The U.S. Surface Transportation Board has denied a request by four Class 1 railroads to stay implementation of an agency rule issued last month establishing an arbitration mechanism to settle small rate disputes.
The arbitration program would only become effective if all Class 1 railroads agreed to participate.
CSX, Norfolk Southern, Union Pacific, and the U.S. operating subsidiaries of Canadian National asked the board in late December to delay the deadline for Class 1 railroads to agree or disagree to participate in the arbitration program.
The rule establishing the arbitration program is to take effect on Feb. 3.
The STB has described the arbitration program as one of two approaches it is taking to create new “rate reasonableness” proceedings that regulators contend will streamline the process for shippers and railroads to resolve smaller rate disputes.
The STB gave Class 1 railroads 50 days from the publication of the rule in the Federal Register to commit to participating in the arbitration program for five years.
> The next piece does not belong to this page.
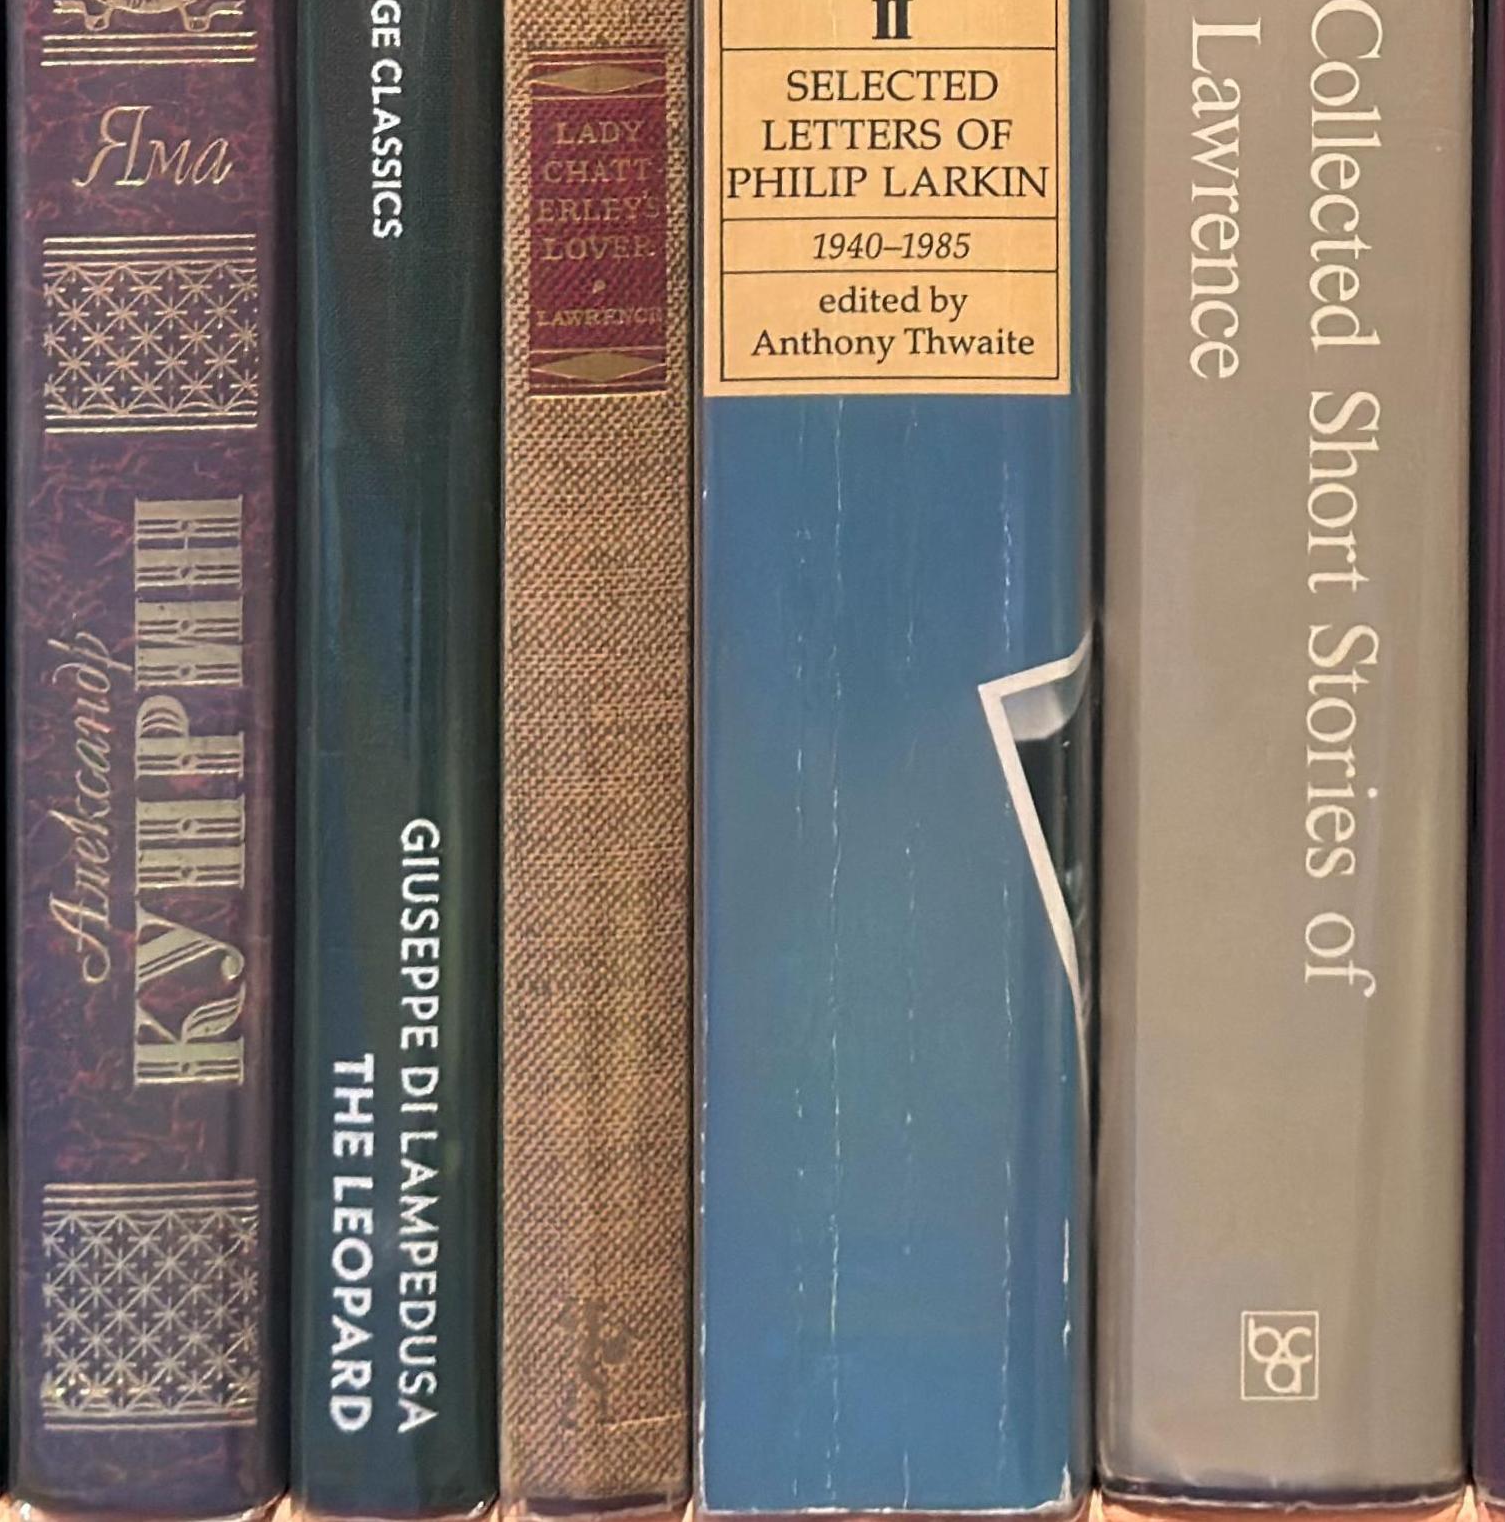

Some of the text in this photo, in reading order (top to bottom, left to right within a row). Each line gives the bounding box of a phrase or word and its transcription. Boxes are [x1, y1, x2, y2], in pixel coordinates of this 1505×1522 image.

The rule was published in early January.
If all seven Class 1 carriers agree to that, they will be exempt from the Final Offer Rate Review rate challenge process.
Smaller rates are defined by the STB as rate disputes worth up to $4 million in relief over two years.
Under the new FORR procedure, if regulators find a rate to be unreasonable, they “will decide the rate by selecting either the complainant’s or the defendant’s final offer, subject to an expedited procedural schedule that adheres to firm deadlines.
Under the arbitration program, Class I rail carriers would commit for a period of five years to arbitrate rate disputes, under a similarly expedited schedule.